Einer genaueren Betrachtung halten die Aussagen nicht stand:

 

Mary Shelley hat die Burg gesehen und auch besucht

 

Nachweisbar ist lediglich, dass sich Mary in Begleitung ihres späteren Ehemannes Percy und ihrer Stiefschwester Claire Clairmont, während einer Rheinfahrt von Mannheim nach Mainz zwischen dem 02. Und 04. September 1814, aus heutiger Sicht recht nahe bei der Burg aufhielt. Gernsheim – wo Mary und Percy vermutlich drei Stunden spazieren gingen – liegt gerade mal 23 km von der Burg entfernt. Luftlinie sind es sogar nur ca. 15 km. In Gernsheim wurde nachts angelegt, um 23:00 Uhr. Der Geschichtsverein Eberstadt-Frankenstein e.V. hat nachgewiesen, dass die Ruine schon bei Tage von Gernsheim aus kaum auszumachen ist. In der Nacht, selbst bei Mondschein und guter Sicht, ist es zumindest fraglich, dass die Ruine ins Auge fiel. Auch muss man bedenken, dass um 1814 die Türme nicht so hoch waren, wie heute. Diese sind aber, zusammen mit der Terrasse des Burgrestaurants, die Teile, die heute aus dem Wald hervortreten.

 

Der Besuch der Burg soll während des dreistündigen Spaziergangs erfolgt sein.

 

Selbst wenn man eine zügige Geschwindigkeit voraussetzt, ist es äußerst unwahrscheinlich, dass man zu Fuß in drei Stunden 23 km hin und auch wieder zurück läuft, und dazwischen noch die Burg besichtigt. Und dies auch noch nachts und in unbekanntem Gelände.

 

Definitiv ist in dem Reisetagebuch, das Mary und Percy gemeinsam verfassten, keine Rede von einer Burg, geschweige denn Burg Frankenstein. Auch Marys Stiefschwester Claire gibt keinen Hinweis darauf in ihrem eigenen Tagebuch.

 

W. Scheele behauptet, die Reisetagebücher von Mary & Percy und Claire Clairmont sollen damals absichtlich verfälscht worden sein, um den Ursprung der Geschichte zu verschleiern. In diesem Falle müsste man davon ausgehen, dass sich die Einträge sehr ähnlich wären, denn sie wären dann wohl schlüssig aufeinander abgestimmt worden. Dies ist jedoch nicht der Fall. Claire z.B. hat den Spaziergang von Mary und Percy unter einem anderen Datum vermerkt, als in deren Reisebericht steht. Zumal die Einträge vermutlich teilweise erst Wochen später gemacht wurden. W. Scheele spricht in seinem Buch von einem geheimen Tagebuch Marys, das sich in Privatbesitz befinden soll und zu dem nur ihm der Zugang gewährt wurde.

 

Ein geheimes Tagebuch, wo Tagebücher grundsätzlich schon nicht für die Öffentlichkeit bestimmt sind?

 

Herr Scheele zitiert aus diesem ‚geheimen‘ Tagebuch:

 

…“The Frankenstein castle: a monumental building, full of darkness; broken walls, mysterical-mighty in the sobering Novembermist – but wonderful shining under the bright moon. Allowing an amazing country-view over the Rhine-river to the blue mountains on the other side of the river and a church to be seen over the silvershining waters.”

 

Dieses Zitat enthält jedoch einige Ungereimtheiten:

 

Hier wird von Novembernebel (Novembermist) geschrieben, die Rheinfahrt machte Mary Shelley jedoch im September.

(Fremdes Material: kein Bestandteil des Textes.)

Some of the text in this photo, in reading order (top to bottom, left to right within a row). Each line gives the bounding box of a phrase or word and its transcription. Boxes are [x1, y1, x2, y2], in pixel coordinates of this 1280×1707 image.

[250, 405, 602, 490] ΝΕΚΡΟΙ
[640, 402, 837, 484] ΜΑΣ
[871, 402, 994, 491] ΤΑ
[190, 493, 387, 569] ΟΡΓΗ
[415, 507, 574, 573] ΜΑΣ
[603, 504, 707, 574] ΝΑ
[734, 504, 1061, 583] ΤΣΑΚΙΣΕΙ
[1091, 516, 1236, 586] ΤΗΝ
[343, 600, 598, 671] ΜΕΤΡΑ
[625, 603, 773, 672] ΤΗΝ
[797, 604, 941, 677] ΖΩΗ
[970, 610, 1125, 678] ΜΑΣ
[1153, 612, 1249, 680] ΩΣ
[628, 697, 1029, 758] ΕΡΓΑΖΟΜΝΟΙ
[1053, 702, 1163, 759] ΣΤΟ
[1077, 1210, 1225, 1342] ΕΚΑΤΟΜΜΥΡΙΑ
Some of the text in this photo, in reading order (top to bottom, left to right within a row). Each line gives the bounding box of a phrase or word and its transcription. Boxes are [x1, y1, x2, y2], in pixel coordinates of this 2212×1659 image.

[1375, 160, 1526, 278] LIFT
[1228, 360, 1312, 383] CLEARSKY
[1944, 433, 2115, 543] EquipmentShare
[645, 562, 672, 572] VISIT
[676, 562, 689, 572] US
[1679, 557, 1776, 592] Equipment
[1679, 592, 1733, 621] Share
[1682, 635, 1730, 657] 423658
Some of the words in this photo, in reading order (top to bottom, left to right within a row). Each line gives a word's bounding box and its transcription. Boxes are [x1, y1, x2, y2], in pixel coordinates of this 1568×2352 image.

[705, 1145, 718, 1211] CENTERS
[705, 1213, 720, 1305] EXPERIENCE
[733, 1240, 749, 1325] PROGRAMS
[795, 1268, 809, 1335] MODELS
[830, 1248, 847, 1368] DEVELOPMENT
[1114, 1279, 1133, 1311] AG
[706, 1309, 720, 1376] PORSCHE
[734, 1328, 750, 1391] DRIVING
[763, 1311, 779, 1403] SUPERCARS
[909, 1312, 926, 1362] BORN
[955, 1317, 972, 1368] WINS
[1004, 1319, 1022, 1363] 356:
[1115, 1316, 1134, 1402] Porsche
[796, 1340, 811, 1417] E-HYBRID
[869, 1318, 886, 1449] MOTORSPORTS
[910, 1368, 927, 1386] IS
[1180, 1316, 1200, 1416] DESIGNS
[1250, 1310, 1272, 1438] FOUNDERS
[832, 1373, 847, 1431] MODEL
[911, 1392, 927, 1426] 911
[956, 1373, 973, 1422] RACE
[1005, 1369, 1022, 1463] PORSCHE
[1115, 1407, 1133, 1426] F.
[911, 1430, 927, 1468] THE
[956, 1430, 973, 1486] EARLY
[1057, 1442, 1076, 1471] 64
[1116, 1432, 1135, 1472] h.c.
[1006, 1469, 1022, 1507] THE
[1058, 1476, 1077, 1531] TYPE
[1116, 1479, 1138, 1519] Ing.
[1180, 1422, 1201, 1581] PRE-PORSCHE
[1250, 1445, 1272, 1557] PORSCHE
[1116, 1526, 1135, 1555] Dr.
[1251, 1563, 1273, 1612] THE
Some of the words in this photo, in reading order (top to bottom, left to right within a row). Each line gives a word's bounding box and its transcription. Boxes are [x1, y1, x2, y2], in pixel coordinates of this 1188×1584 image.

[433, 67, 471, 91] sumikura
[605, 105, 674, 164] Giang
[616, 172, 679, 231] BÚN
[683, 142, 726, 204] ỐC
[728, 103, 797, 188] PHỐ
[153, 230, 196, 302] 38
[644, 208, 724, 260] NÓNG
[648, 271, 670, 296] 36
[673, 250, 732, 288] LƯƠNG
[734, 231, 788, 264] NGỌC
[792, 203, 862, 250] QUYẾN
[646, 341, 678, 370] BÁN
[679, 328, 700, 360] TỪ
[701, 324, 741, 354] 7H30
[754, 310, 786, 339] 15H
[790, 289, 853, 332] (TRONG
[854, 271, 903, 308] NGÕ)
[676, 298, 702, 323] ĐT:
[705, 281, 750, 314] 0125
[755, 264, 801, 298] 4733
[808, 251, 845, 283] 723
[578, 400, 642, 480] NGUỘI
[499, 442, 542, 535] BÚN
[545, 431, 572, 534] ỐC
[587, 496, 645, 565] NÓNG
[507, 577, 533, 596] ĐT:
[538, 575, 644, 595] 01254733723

Es ist neblig und dunkel, trotzdem wird hier von einem Blick über den Fluss, bis zu Bergen auf der anderen Seite und einer Kirche geschrieben.

Satzstellung und Wortwahl sind für eine Person, deren Muttersprache Englisch ist, sehr ungewöhnlich. Laut einem Muttersprachler weist dieses Zitat eher deutsche Ursprünge auf. Außerdem passt es nicht zu Shelleys Ausdrucksweise.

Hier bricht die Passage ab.